Nei decenni passati il piccolo ospedale è sempre stato salvato dai tagli imposti con le varie Finanziarie. Per certi aspetti è stato perfino “rilanciato” ospitando pazienti anche dai territori di pianura.

Non si faranno mai, al “Pacini”, operazioni a cuore aperto. E’ ovvio. Ma rappresenta un presidio, a servizio di un’area interna sempre più spopolata, in cui professionalità e umanità possono ancora coniugarsi e dare risposte di una sanità buona.

E’ uno “spreco” tenere in vita il piccolo ospedale di San Marcello Pistoiese? Penso proprio di no: lo spreco vero – direi – sta in chi non paga le tasse secondo quanto previsto dalla nostra Costituzione: cioè in termini di giustizia. E, non pagando le tasse, impedisce allo Stato di avere le risorse necessarie.

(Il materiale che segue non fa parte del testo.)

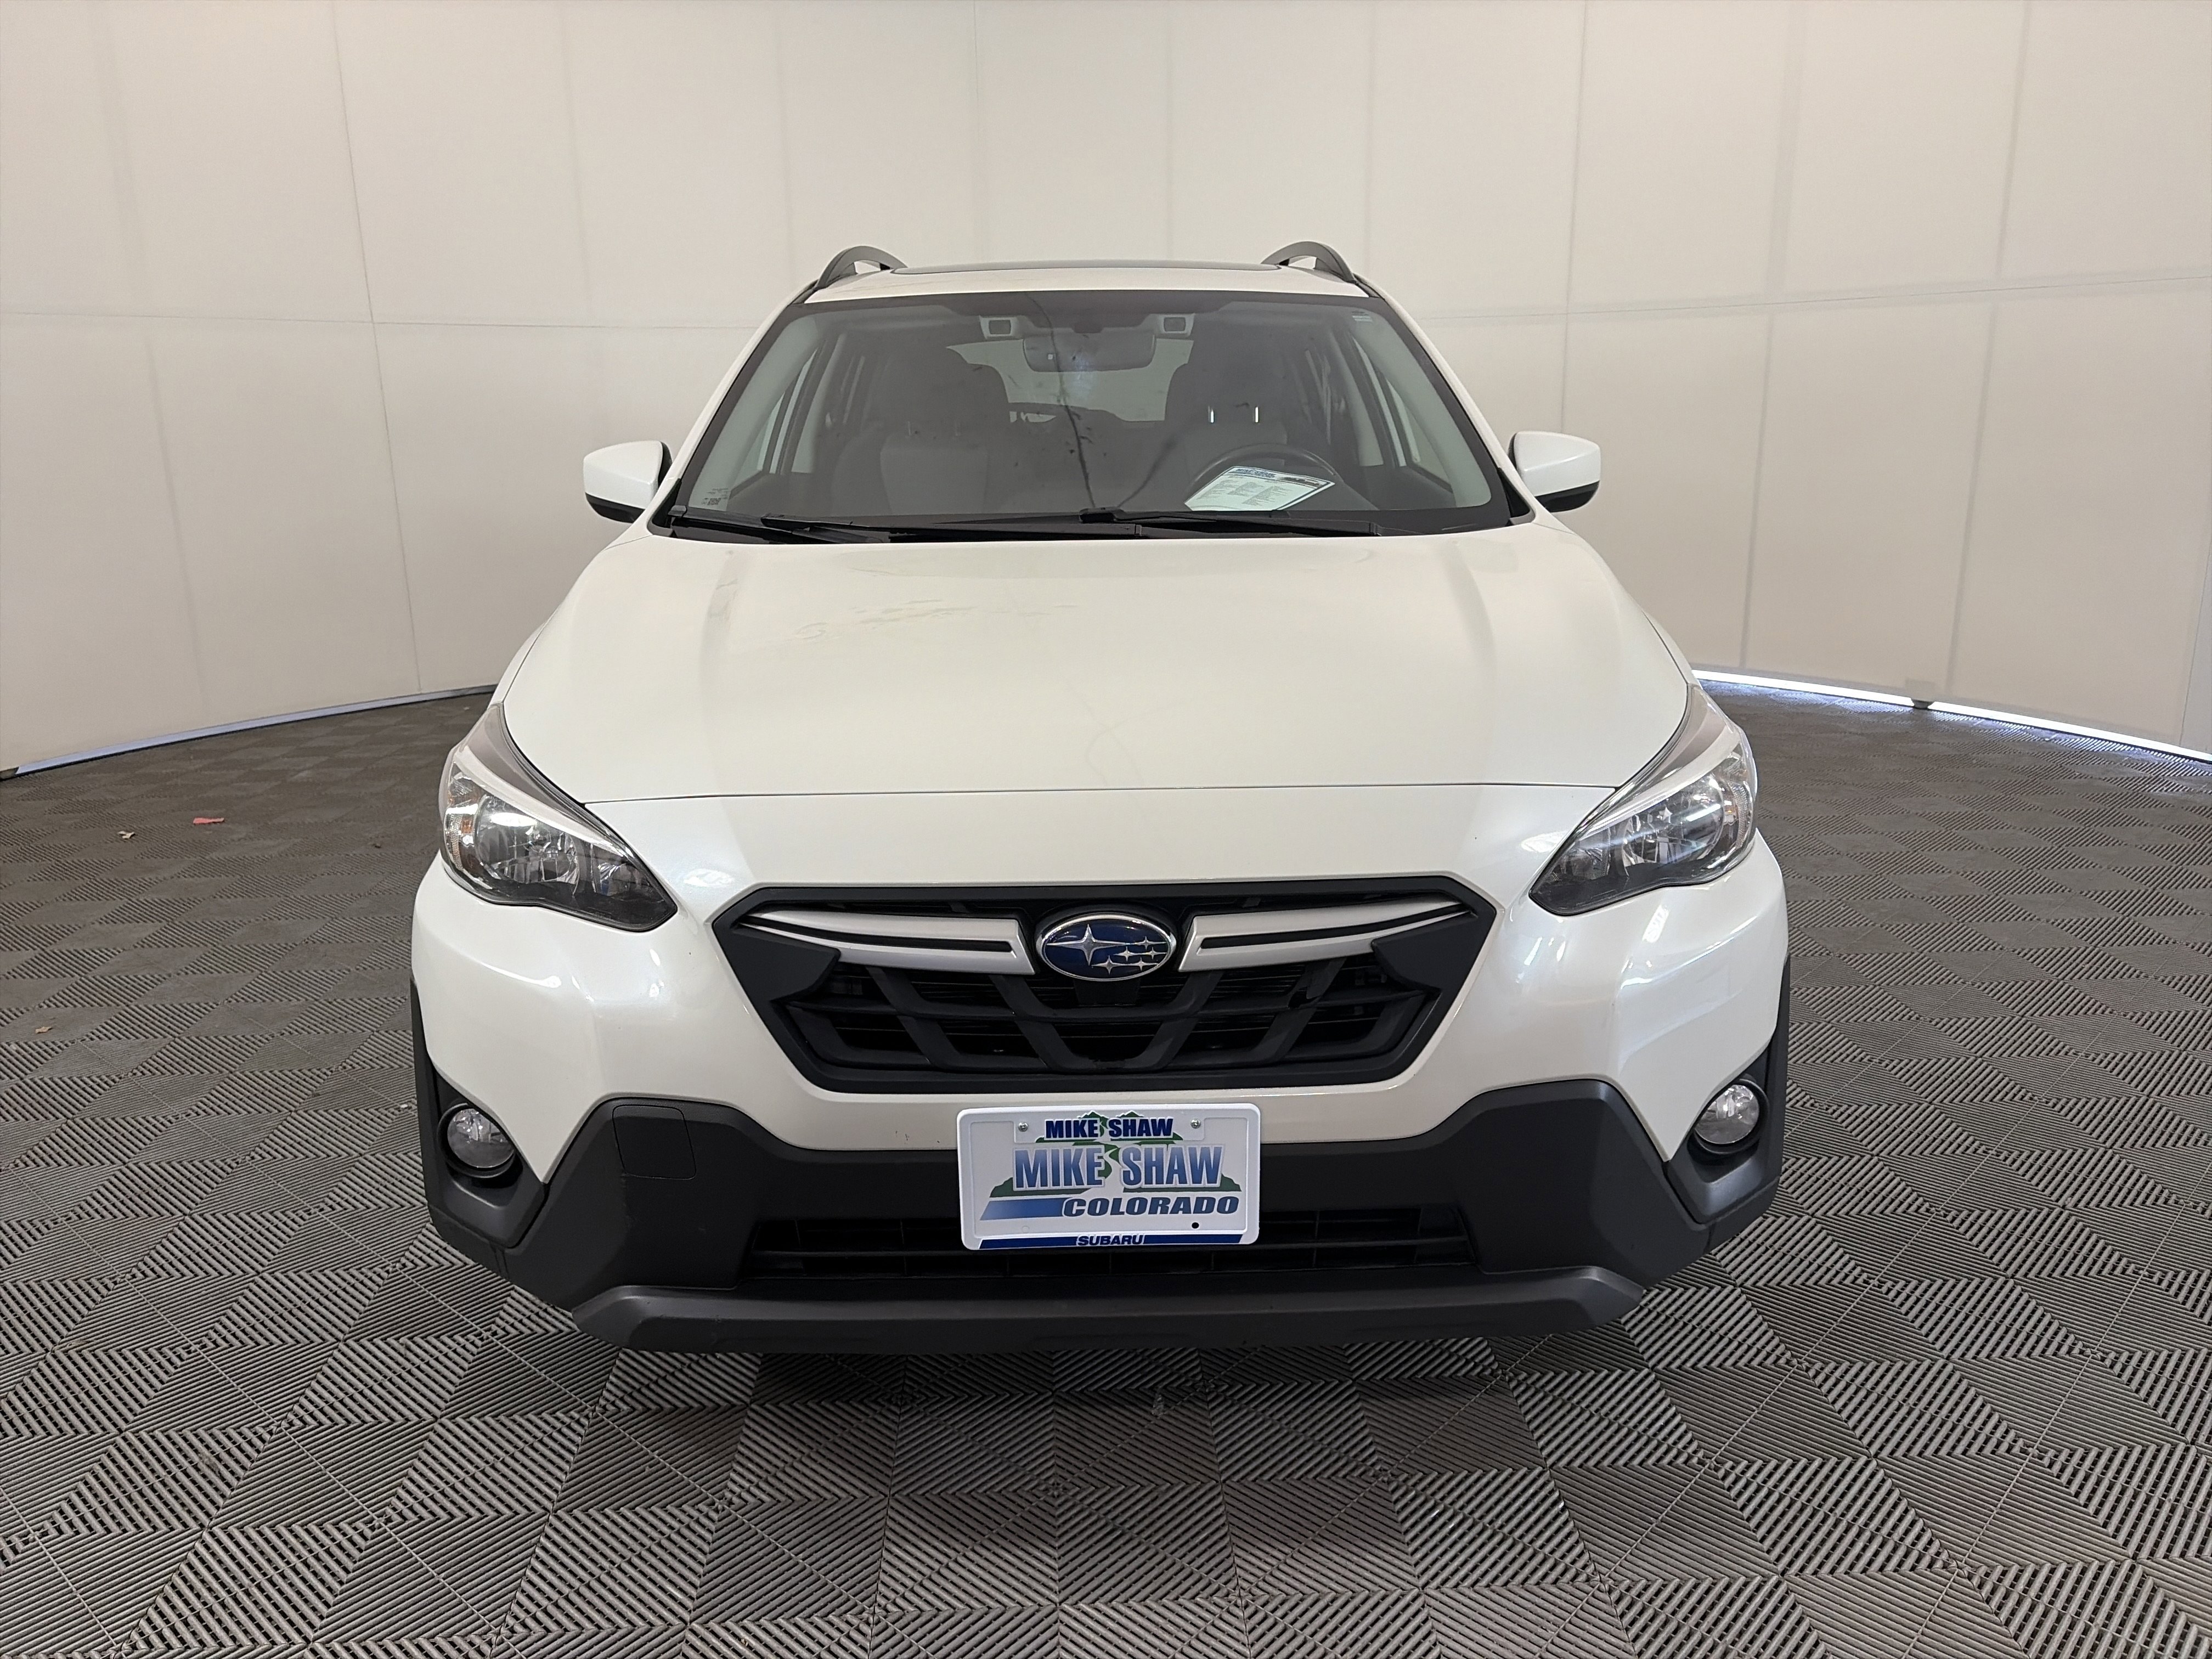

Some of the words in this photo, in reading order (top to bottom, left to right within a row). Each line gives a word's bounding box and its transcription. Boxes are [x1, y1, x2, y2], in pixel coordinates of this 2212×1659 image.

[1046, 1119, 1099, 1138] MIKE
[1109, 1118, 1173, 1137] SHAW
[1015, 1148, 1104, 1188] MIKE
[1121, 1146, 1222, 1187] SHAW
[1062, 1196, 1239, 1217] COLORADO
[1077, 1234, 1144, 1246] SUBARU

Una domanda da mezzo euro.

Se la nuova politica (di cui c’è così estremo bisogno) invece che mostrare il volto cattivo di razionalizzazioni spesso disumane si impegnasse alla più grande riforma di cui, oggi in Italia, c’è davvero bisogno (far pagare le tasse con giustizia)?

Sai quanti – di questi piccoli ospedali dove non si potranno mai fare operazioni a cuore aperto ma che pure contribuiscono a dare della sanità pubblica un volto umano – sai tu quanti se ne potrebbero “salvare”, a giro per l’Italia?